Oaks and many other trees are likely to be defoliated by Lymantria dispar, formerly gypsy moth, this summer in many areas of Lower Michigan.

Gypsy moth larva
Lymantria dispar larva. Photo by Karla Salp, Washington State Department of Agriculture,

Lymantria dispar, formerly gypsy moth, caterpillars feed on the leaves of oaks, aspen, crabapple and 300 other species trees from late May to early or mid-July. When outbreaks occur in oak or aspen forests, more than one million caterpillars per acre can be feeding on tree leaves. Furthermore, each caterpillar can consume up to 9 square feet of leaf area during the six to seven weeks of feeding. This means trees in landscapes as well as forests can be entirely defoliated by late June. Fortunately, most hardwood trees are able to produce new leaves two to three weeks later, after the caterpillars have finished their feeding.

Outbreaks of Lymantria dispar are not frequent, but when they occur, it can be unpleasant to live, work or recreate in a neighborhood, campground or other affected areas. Several locations in Lower Michigan experienced Lymantria dispar outbreaks during the past year and populations may be high in some areas again this summer.

Lymantria dispar eggs hatch between mid- to late May across much of Lower Michigan. Young, small caterpillars are rarely noticed and cause little defoliation. As they feed, however, the caterpillars grow and consume more and more leaf tissue (see the Lymantria dispar life cycle.)

Information to help you recognize and know what to expect from Lymantria dispar, along with options to protect trees on your property, can be found at the new Lymantria dispar page at Michigan State University’s Integrated Pest Management website.

You can also use the MSU Enviroweather Lymantria Dispar Treatment Map and the MSU Enviroweather Lymantria Dispar Egg Hatch Prediction to help track and manage Lymantria dispar populations.

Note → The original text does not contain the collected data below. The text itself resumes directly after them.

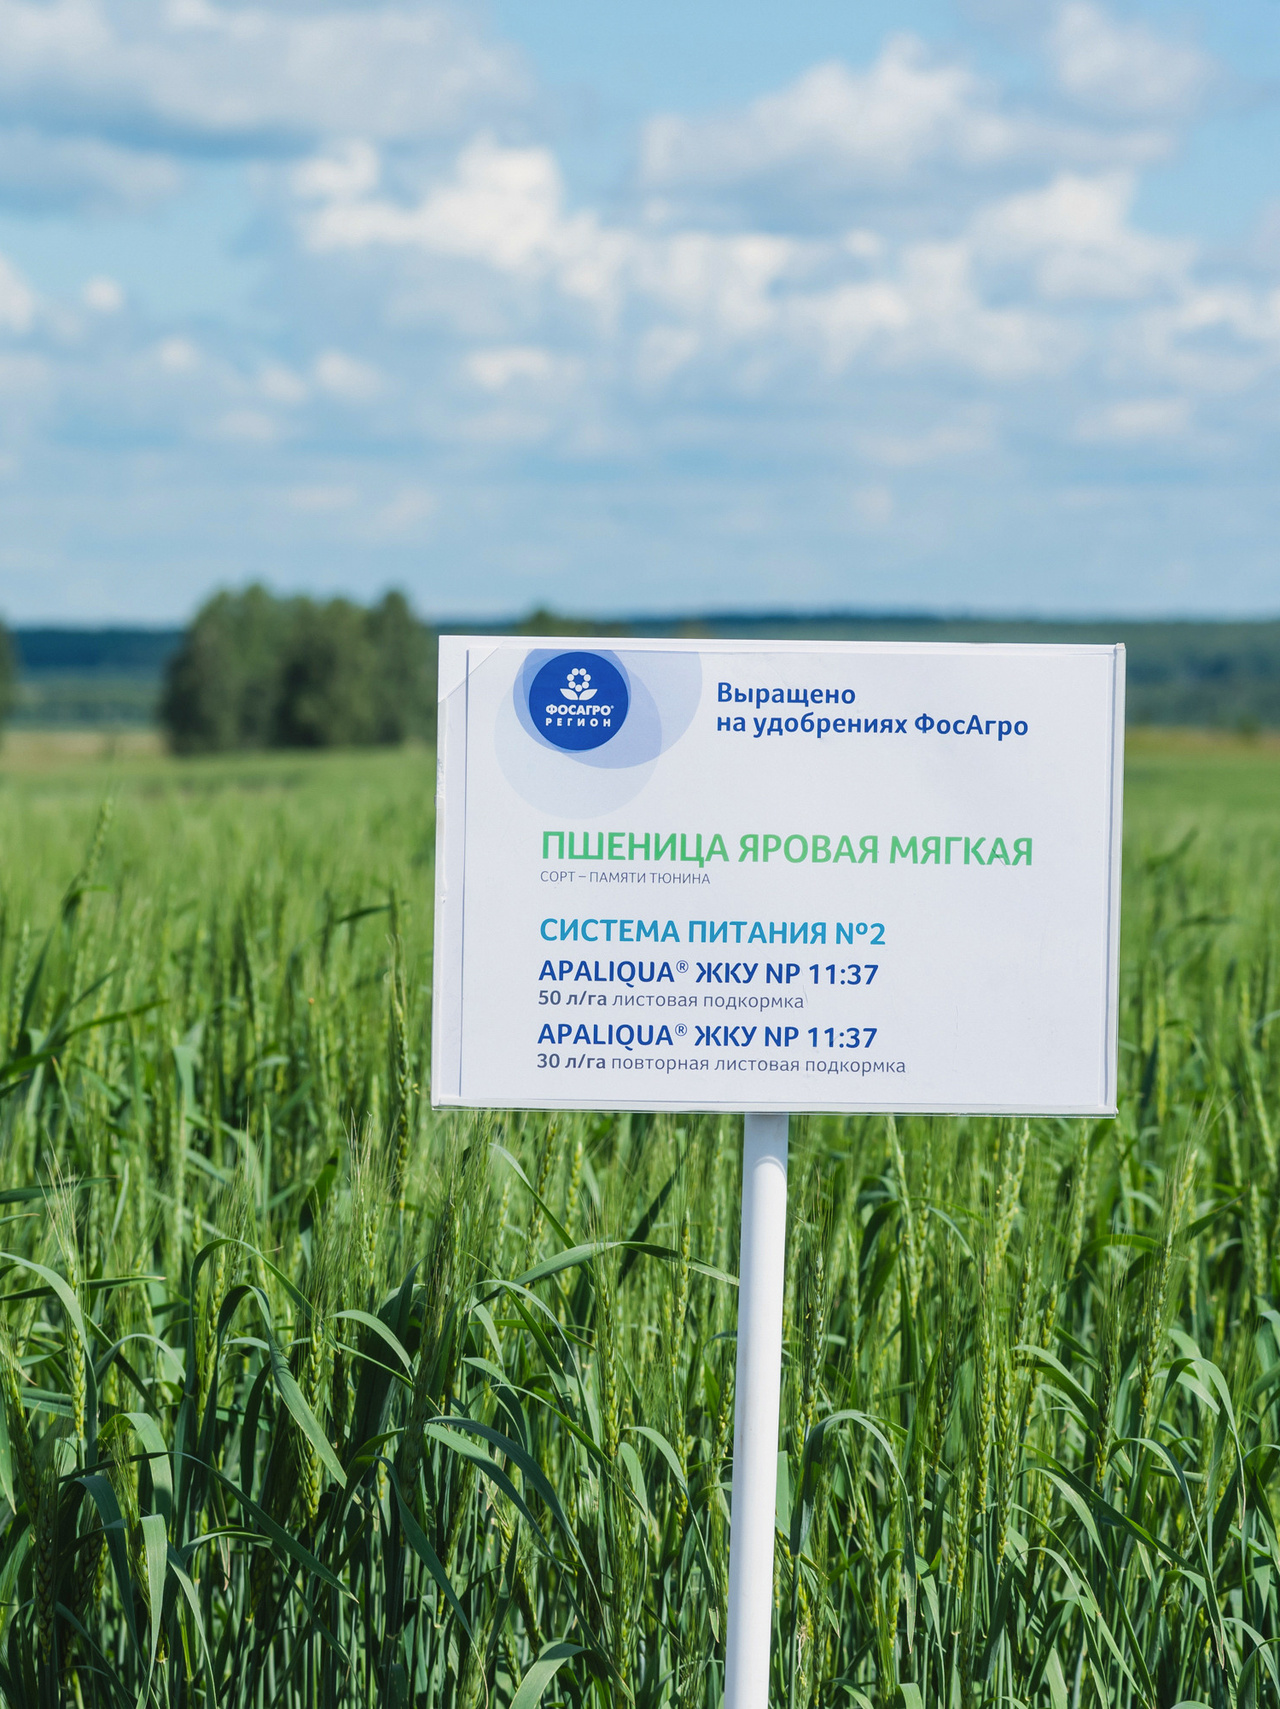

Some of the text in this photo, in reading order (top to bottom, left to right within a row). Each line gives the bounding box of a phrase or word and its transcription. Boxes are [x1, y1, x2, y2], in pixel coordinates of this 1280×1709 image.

[718, 682, 855, 708] Выращено
[545, 717, 611, 727] РЕГИОН
[717, 712, 1028, 741] на удобрениях ФосАгро
[543, 831, 1032, 868] ПШЕНИЦА ЯРОВАЯ МЯГКАЯ
[541, 871, 575, 882] СОРТ
[590, 872, 645, 883] ПАМЯТИ
[650, 873, 710, 884] ТЮНИНА
[540, 918, 680, 942] СИСТЕМА
[689, 921, 826, 944] ПИТАНИЯ
[696, 962, 758, 983] ЖКУ
[766, 963, 800, 984] NP
[809, 964, 878, 985] 11:37
[539, 990, 803, 1012] 50 л/га листовая подкормка
[695, 1026, 757, 1047] ЖКУ
[765, 1026, 799, 1047] NP
[808, 1027, 877, 1048] 11:37
[537, 1053, 905, 1076] 30 л/га повторная листовая подкормка
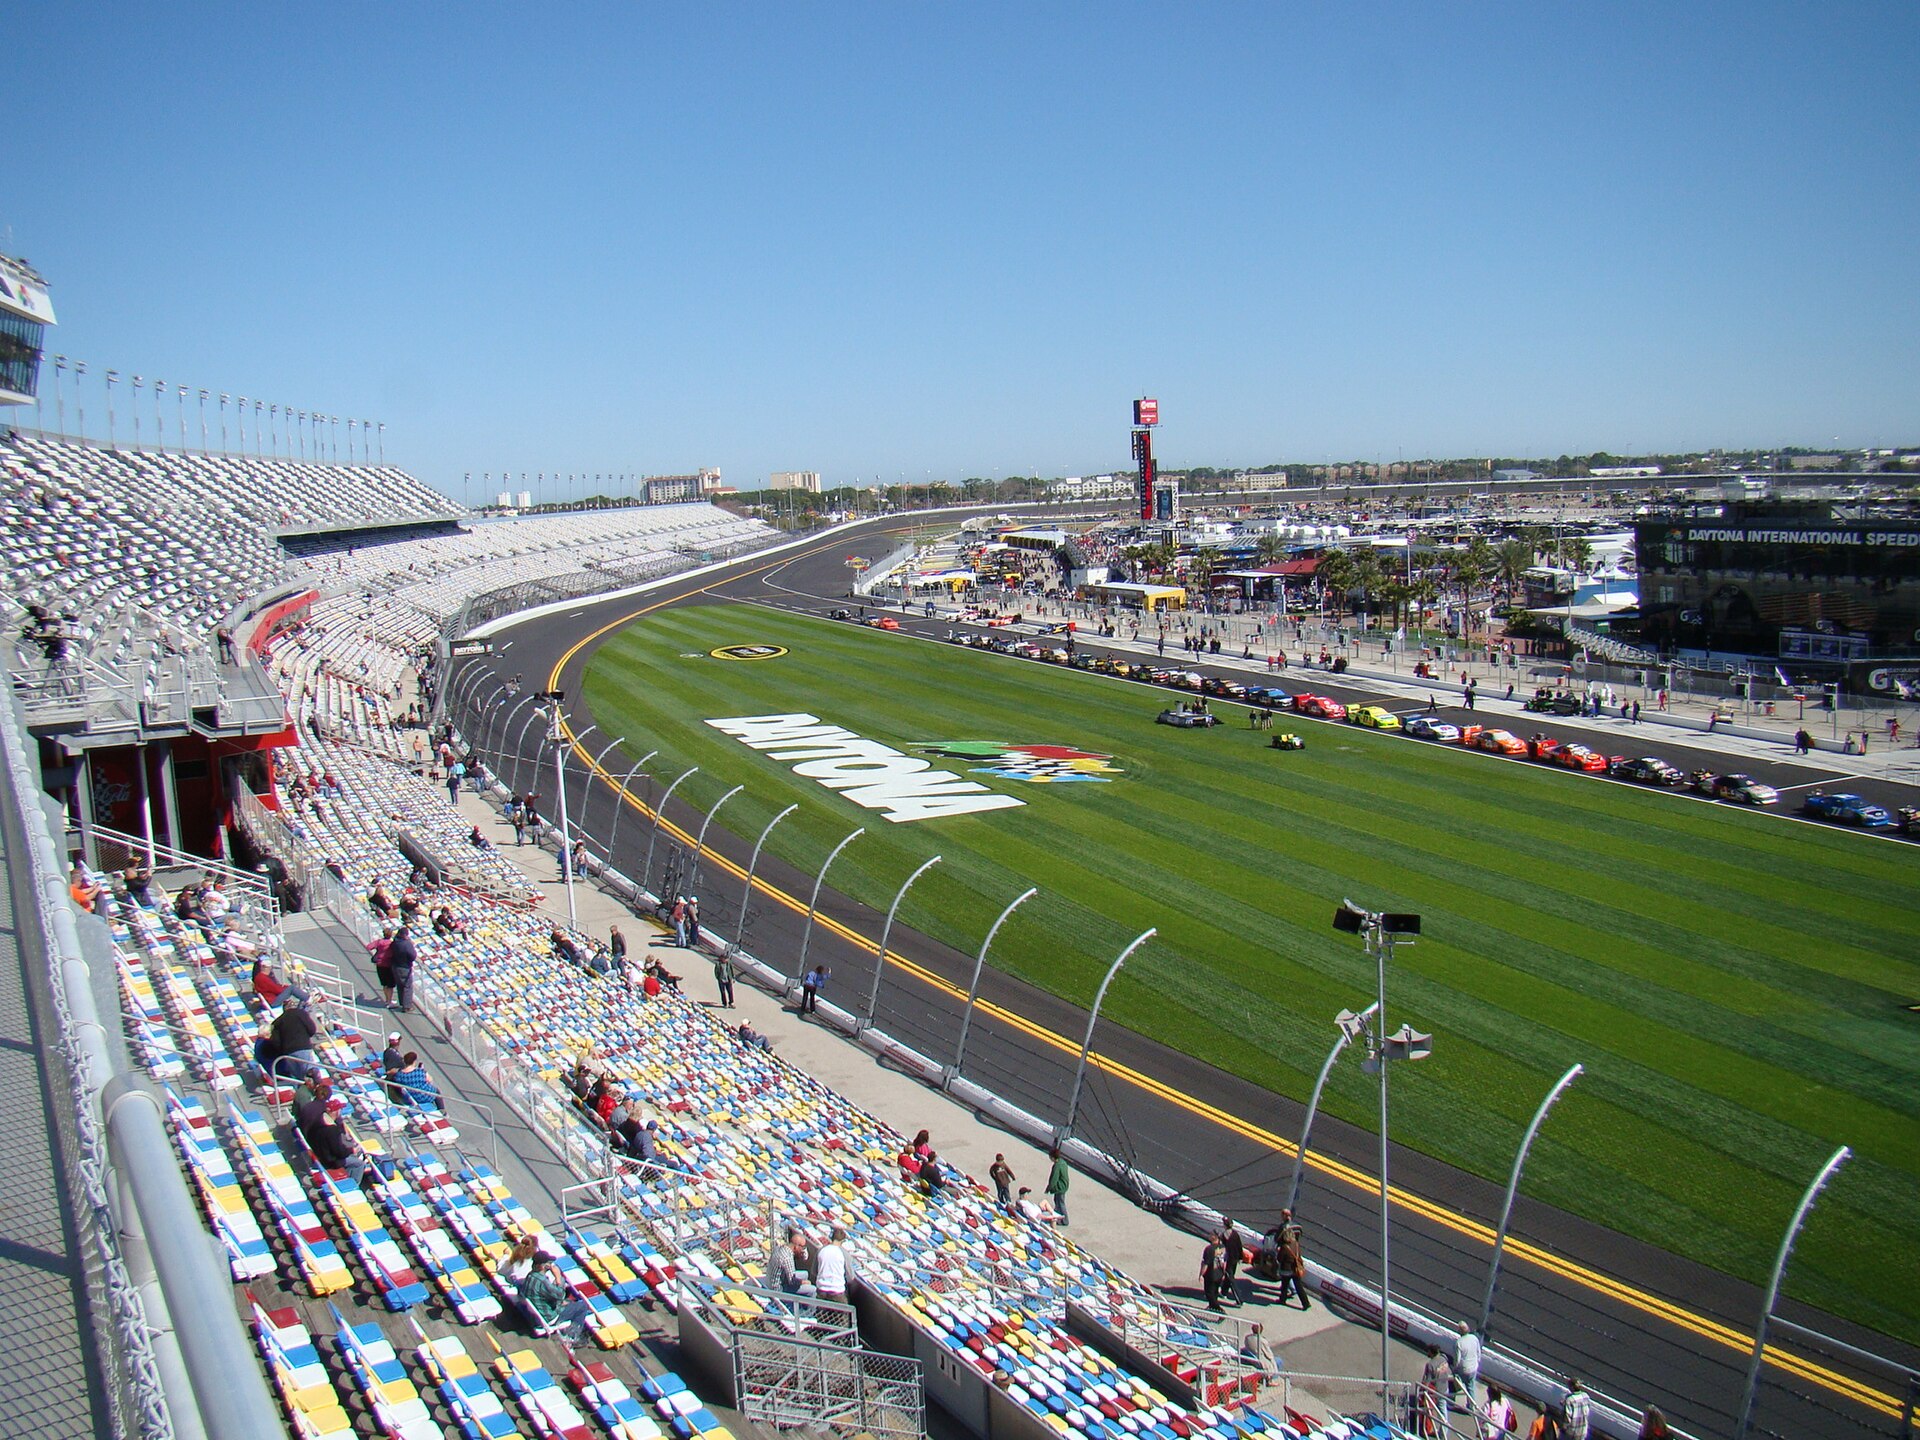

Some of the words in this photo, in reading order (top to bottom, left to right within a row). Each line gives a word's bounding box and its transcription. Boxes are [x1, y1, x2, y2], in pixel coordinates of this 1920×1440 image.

This insect, which is native to Europe and parts of Asia, arrived in the northeastern U.S. in the mid-1860s and has been spreading ever since. Populations of Lymantria dispar have been in Michigan since the 1980s and the first big outbreaks occurred across much of Lower Michigan in the 1990s. During the past 20 years, Lymantria dispar populations have occasionally reached high levels in some locations in Michigan, but it can be anywhere from five to 15 years between outbreaks. Lymantria dispar density usually stays high for two to three years in an area before disease and other natural enemies drive the population back to low levels. Read more about that at A Virus and a Fungal Disease Cause Lymantria Dispar Outbreaks to Collapse from MSU.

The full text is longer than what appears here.